=== TASK INPUT ===
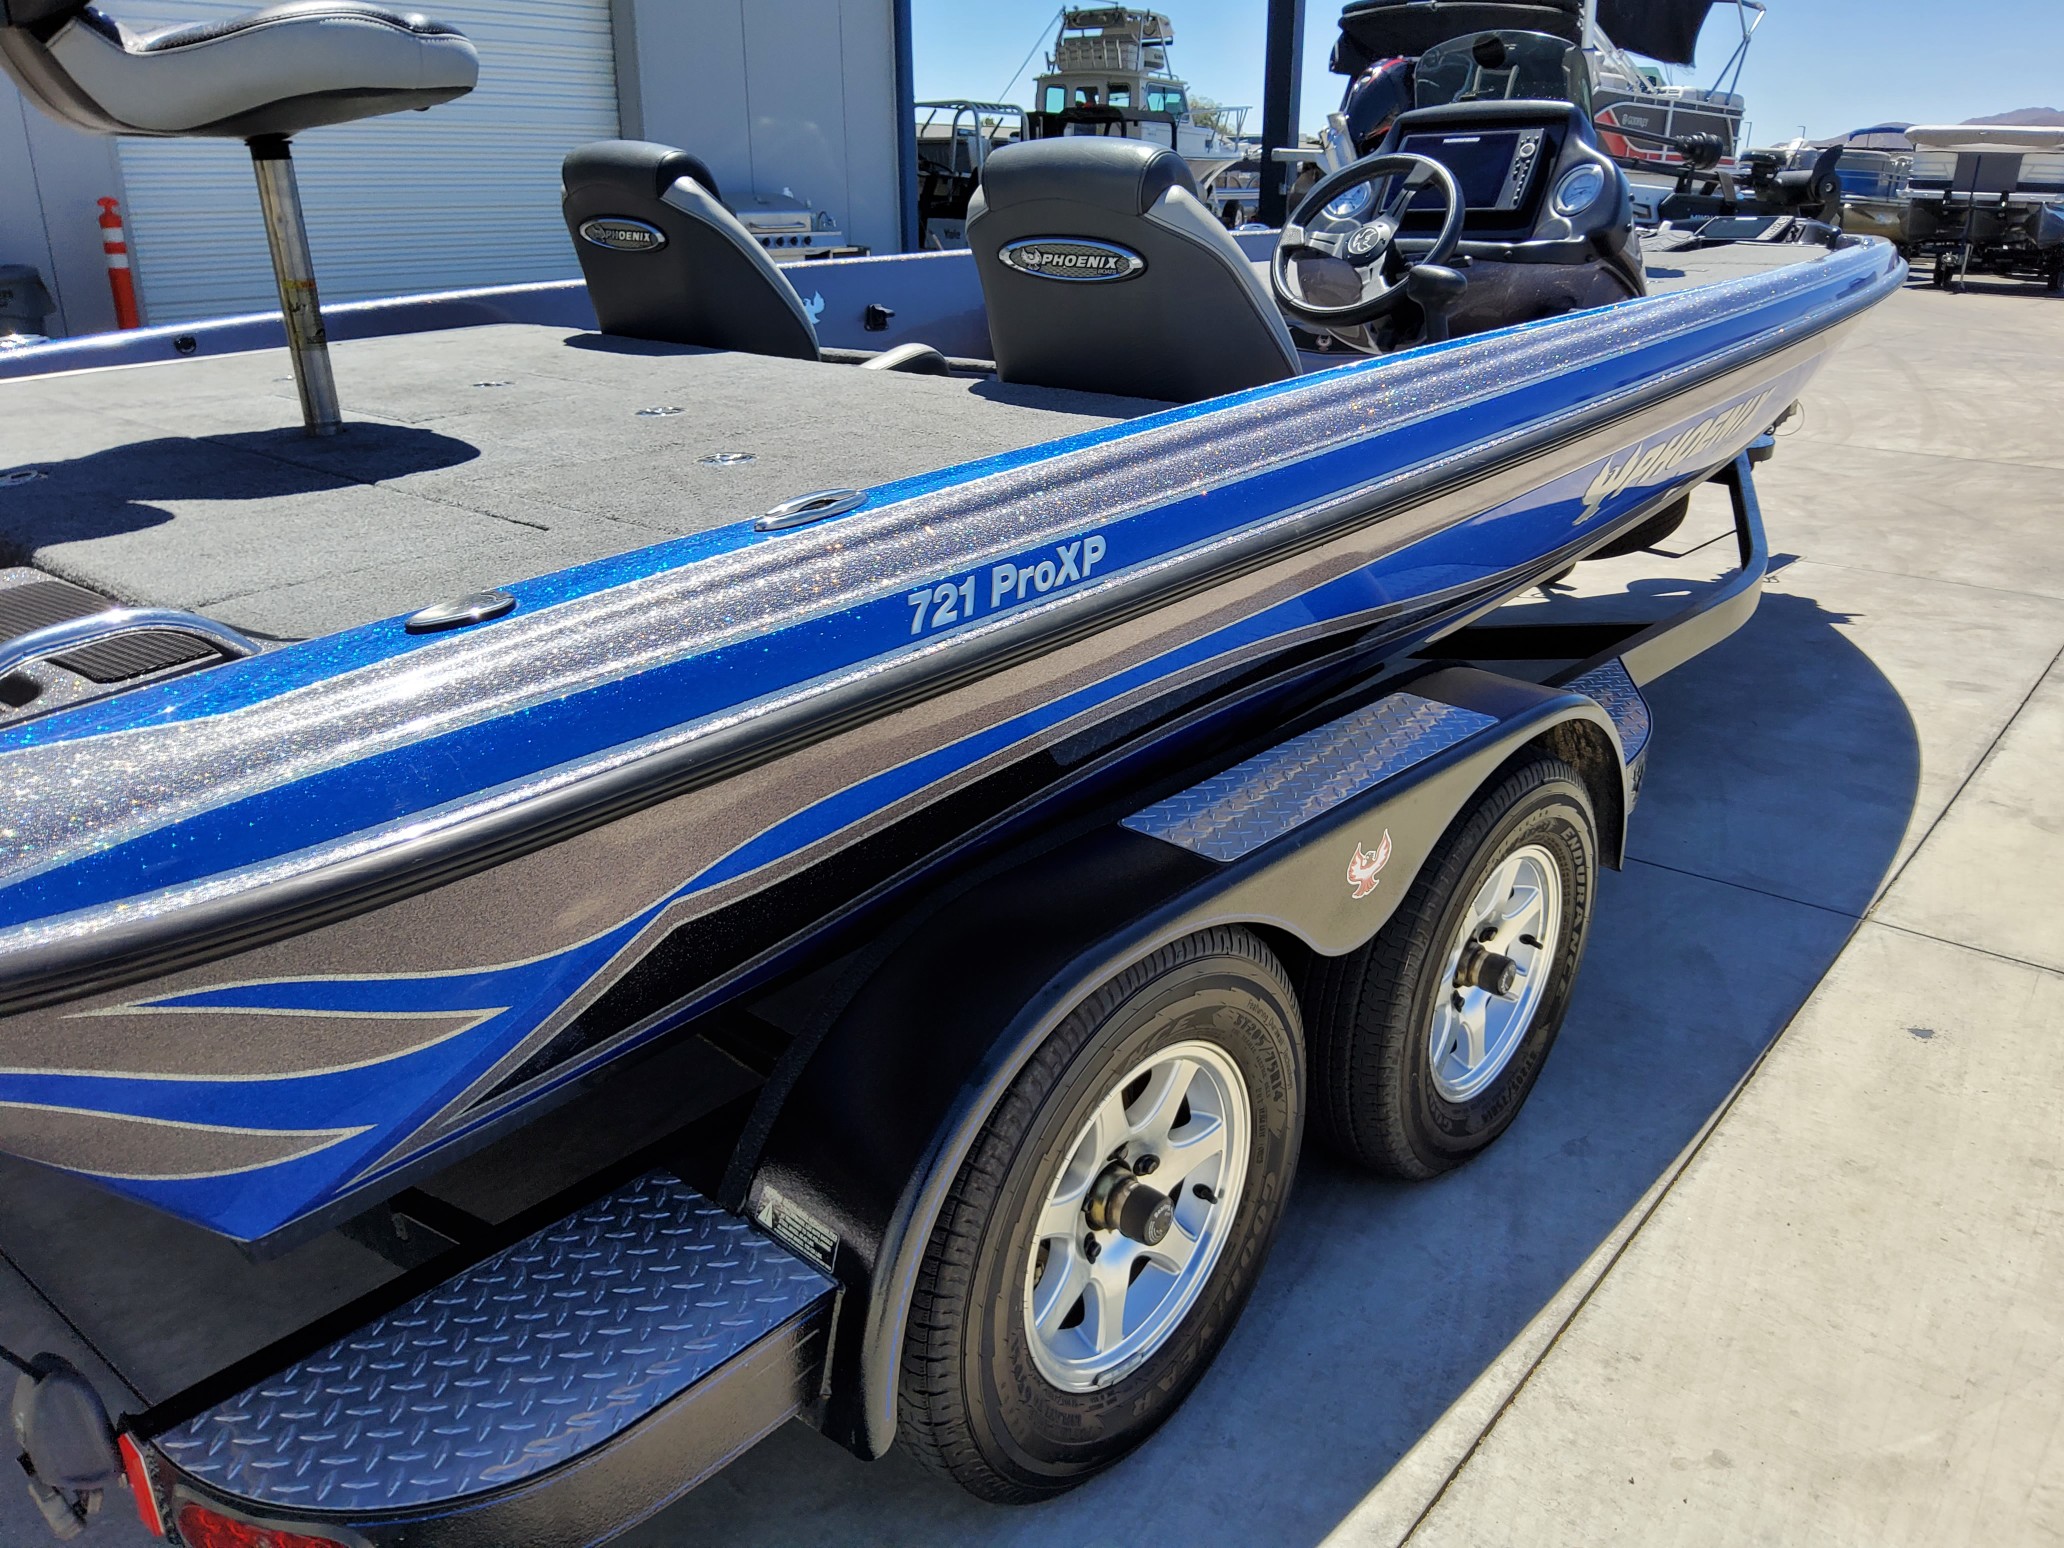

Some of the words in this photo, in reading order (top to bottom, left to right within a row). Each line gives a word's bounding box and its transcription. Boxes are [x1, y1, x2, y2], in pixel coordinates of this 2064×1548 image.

[605, 229, 651, 242] PHOENIX
[1041, 254, 1119, 269] PHOENIX
[908, 576, 976, 636] 721
[990, 535, 1107, 609] ProXP
[1558, 826, 1586, 998] ENDURANCE
===
▶ **ACTIVITY**
Output all of the data word for word, excluding any pictures.

▶ **YOUR RESPONSE**
Some of the words in this photo, in reading order (top to bottom, left to right within a row). Each line gives a word's bounding box and its transcription. Boxes are [x1, y1, x2, y2], in pixel coordinates of this 2064×1548 image.

[605, 229, 651, 242] PHOENIX
[1041, 254, 1119, 269] PHOENIX
[908, 576, 976, 636] 721
[990, 535, 1107, 609] ProXP
[1558, 826, 1586, 998] ENDURANCE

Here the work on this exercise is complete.